Appena finita di guardare e non so nemmeno da che parte cominciare a commentare.
Non so se iniziare dalle cose inquientanti o da quelle divertenti.
Come viene, viene.
Non mi sono inquietata così tanto dai tempi di
"Bloody Mary" e
"Long Distance Call".
Seriamente, qualunque cosa assomigli anche solo
vagamente a Samara di
"The Ring" è capace di farmi avere gli incubi per almeno una settimana.
Adoro Garth.
È così imbranato e quasi infantile da risultare tenero.
Gli unici momenti in cui ho riso in questa puntata sono stati quando c'era lui.
Ah, e anche il fatto che il figlio illegittimo si sia preoccupato di chiedere solo se Baxter era davvero suo padre e non si sia minimamente preoccupato della tizia giapponese che doveva farlo fuori.
Ma va bene così.

E lo sapevo, lo sapevo che era Bobby che li stava aiutando!

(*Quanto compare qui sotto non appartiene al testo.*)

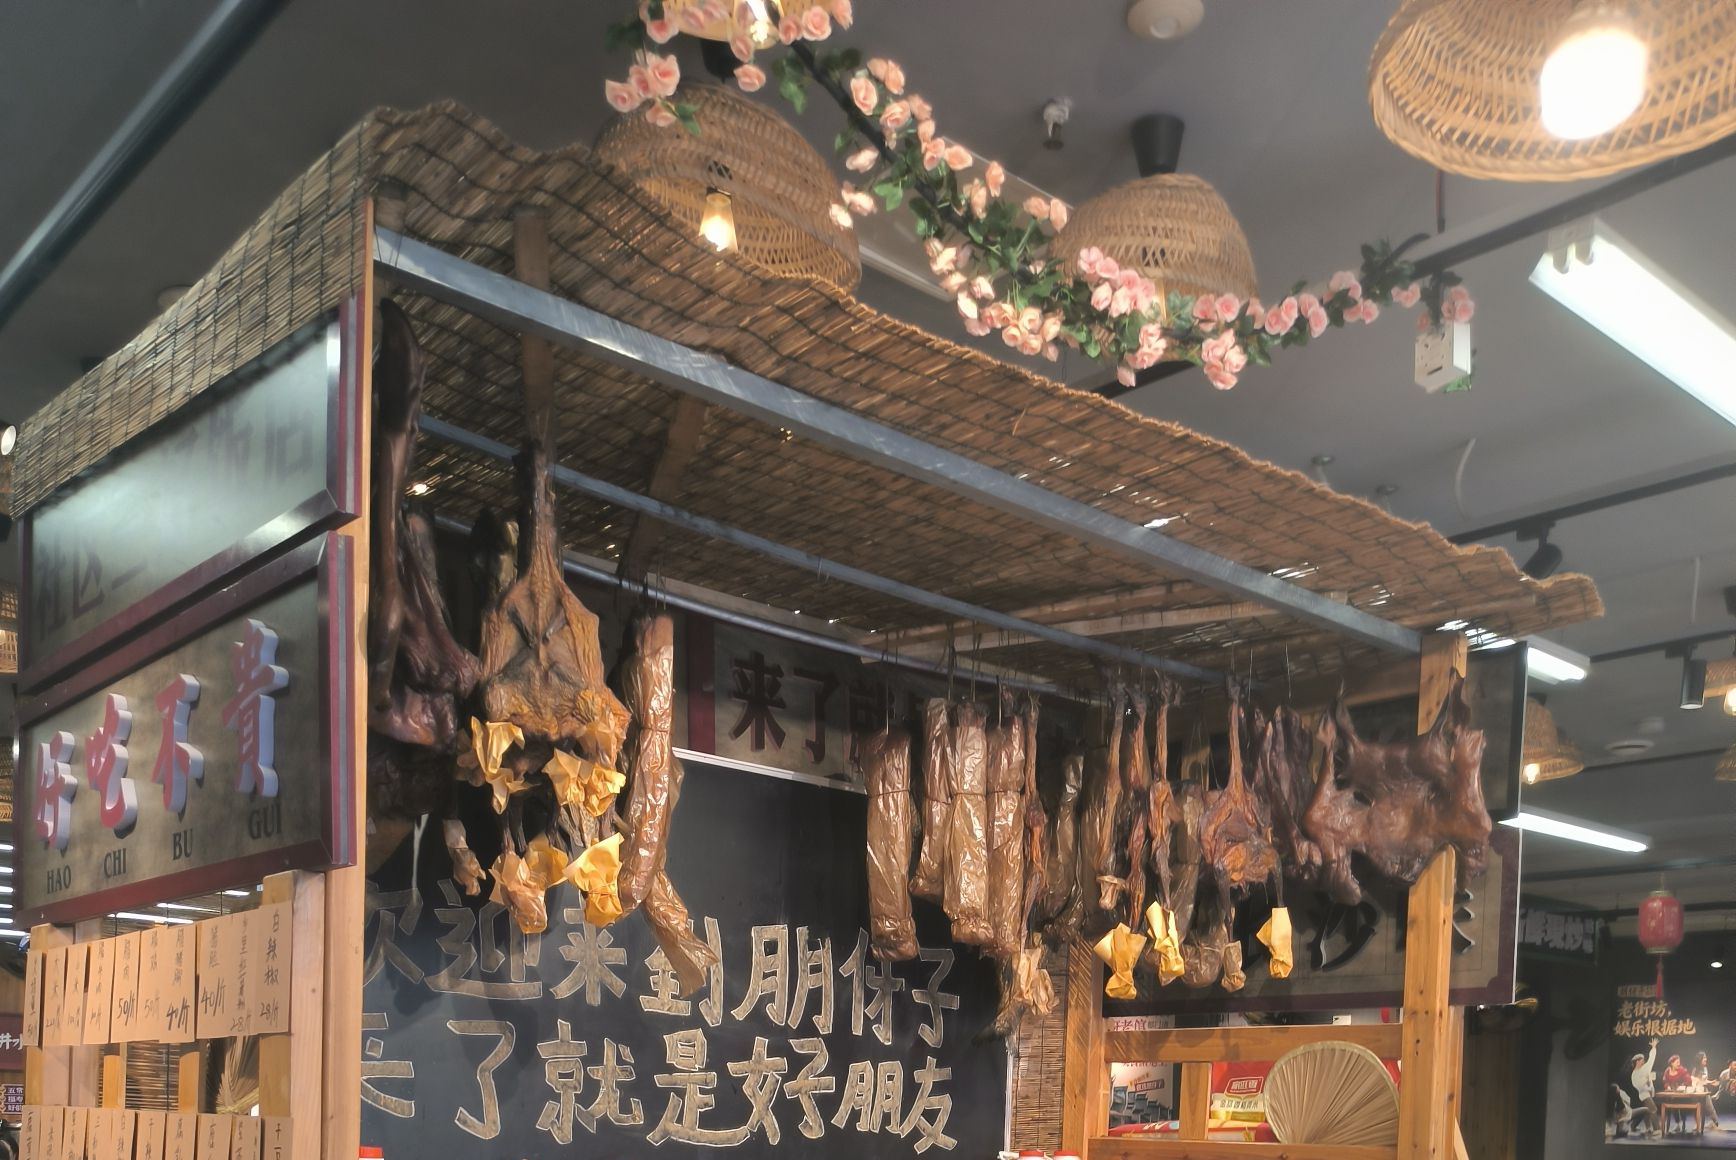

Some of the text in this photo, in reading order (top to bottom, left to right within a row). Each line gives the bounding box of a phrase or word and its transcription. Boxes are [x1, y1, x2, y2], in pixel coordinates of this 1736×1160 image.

[729, 651, 890, 765] 来了
[46, 803, 283, 893] HAO CHI BU GUI
[1613, 1018, 1697, 1038] 娱乐根据地
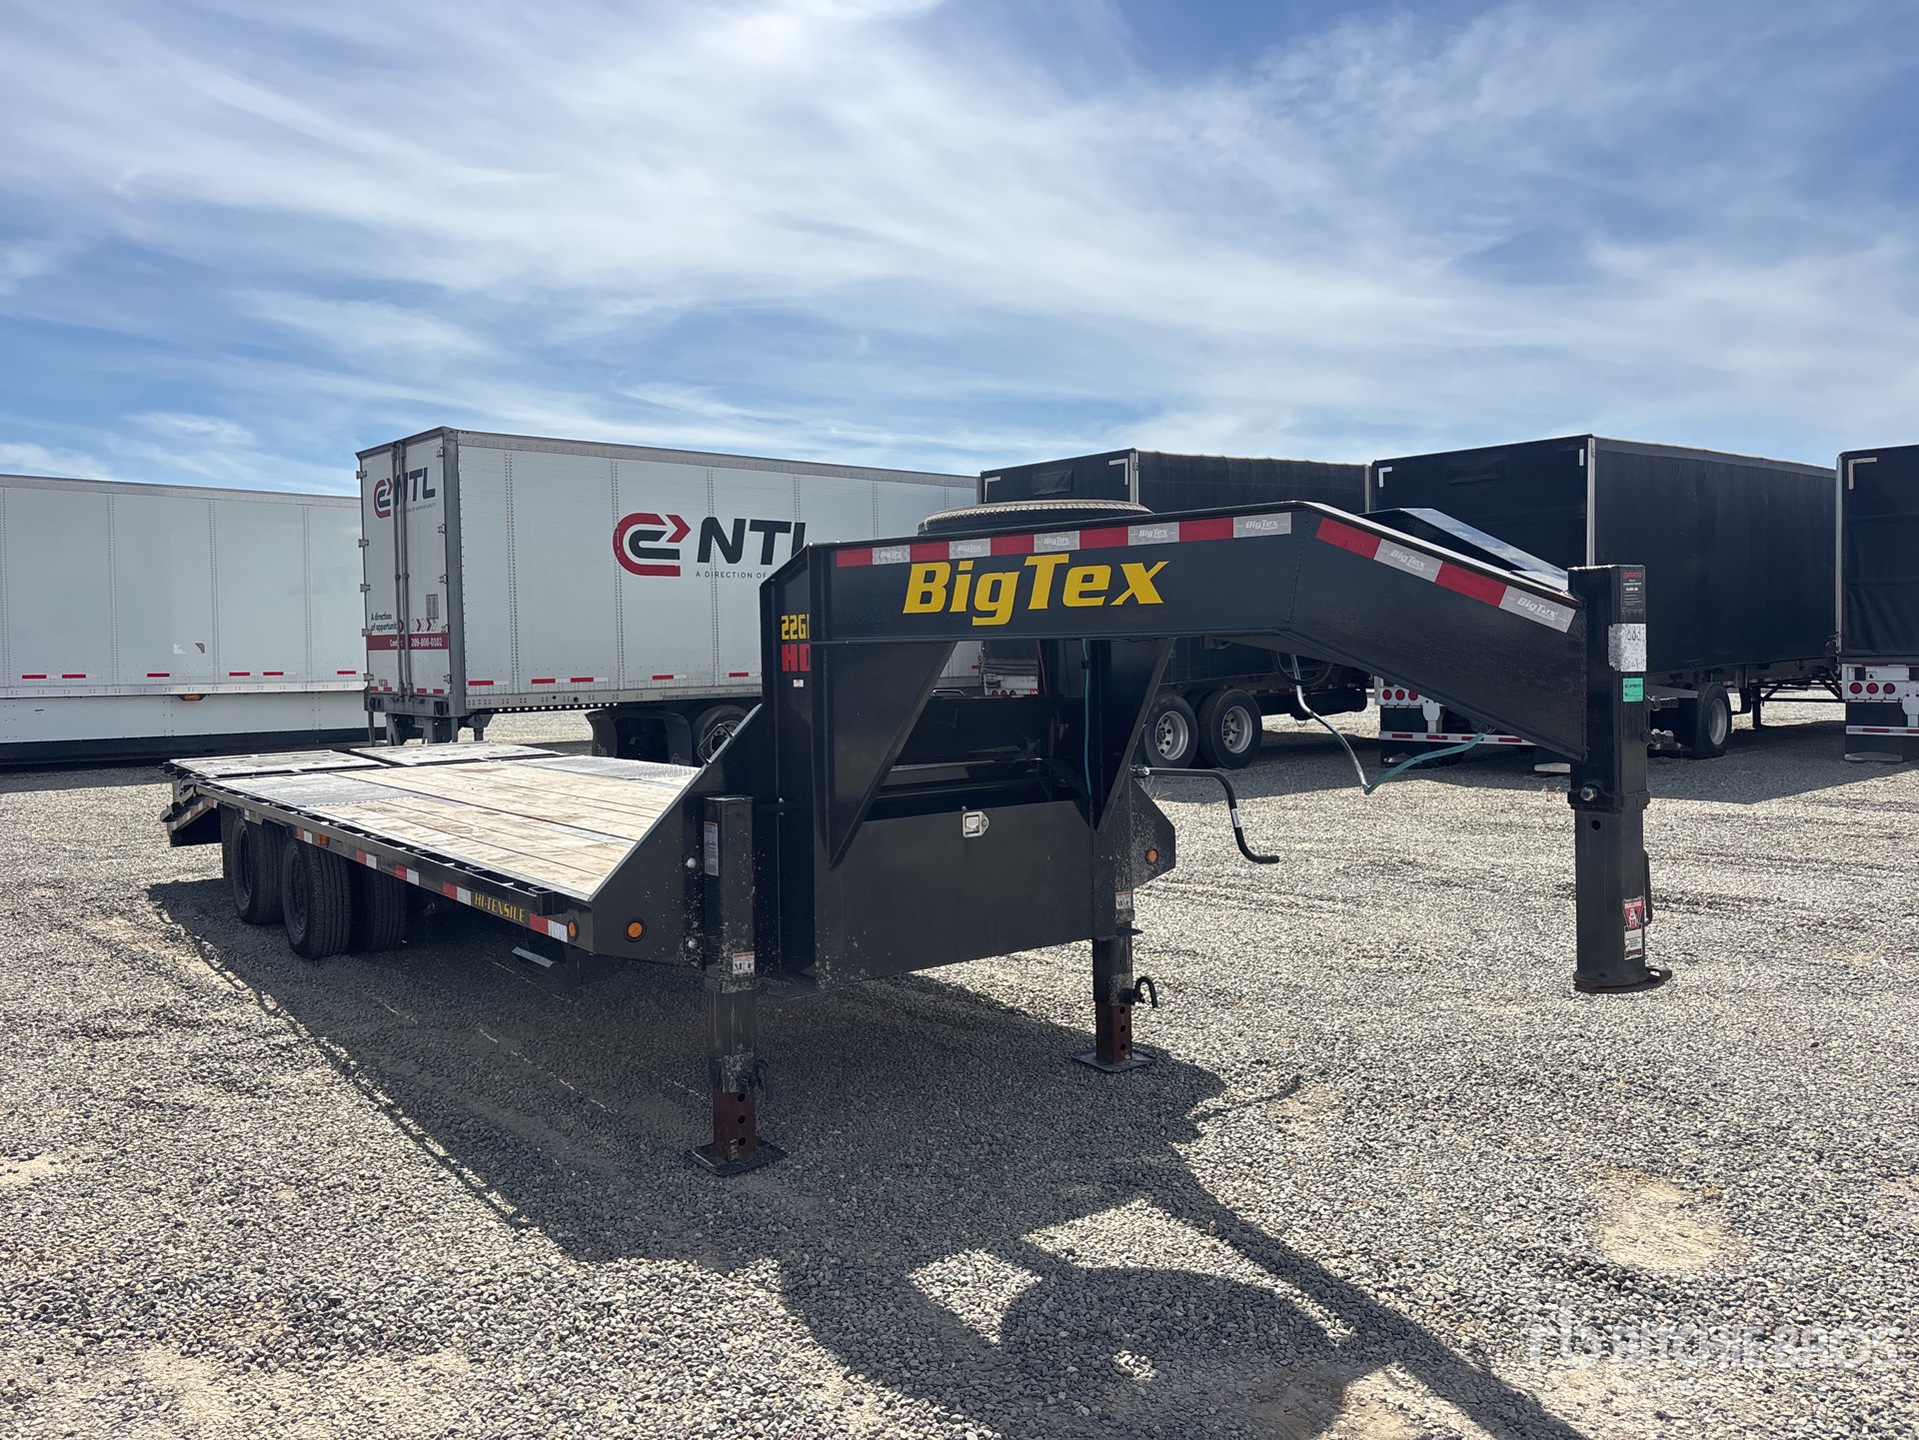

E a fine puntata quasi mi sono illusa che Dean l'avesse visto e invece niente.
E Dean e Sam continuano a non vedere che i segni ci sono tutti e diamine, persino Garth ci è arrivato!
Però i fantasmi di solito si fanno riconoscere, mandano un segno o qualcosa.
Invece sembrava quasi che Bobby, al di là dei piccoli aiuti che dà a i ragazzi, non sia in grado di fare altro.
Non ho ancora superato e accettato il fatto che sia morto.
Non lo potrò mai fare.

E la telefonata di aggiornamento su Cass tra Meg e Dean, ne vogliamo parlare?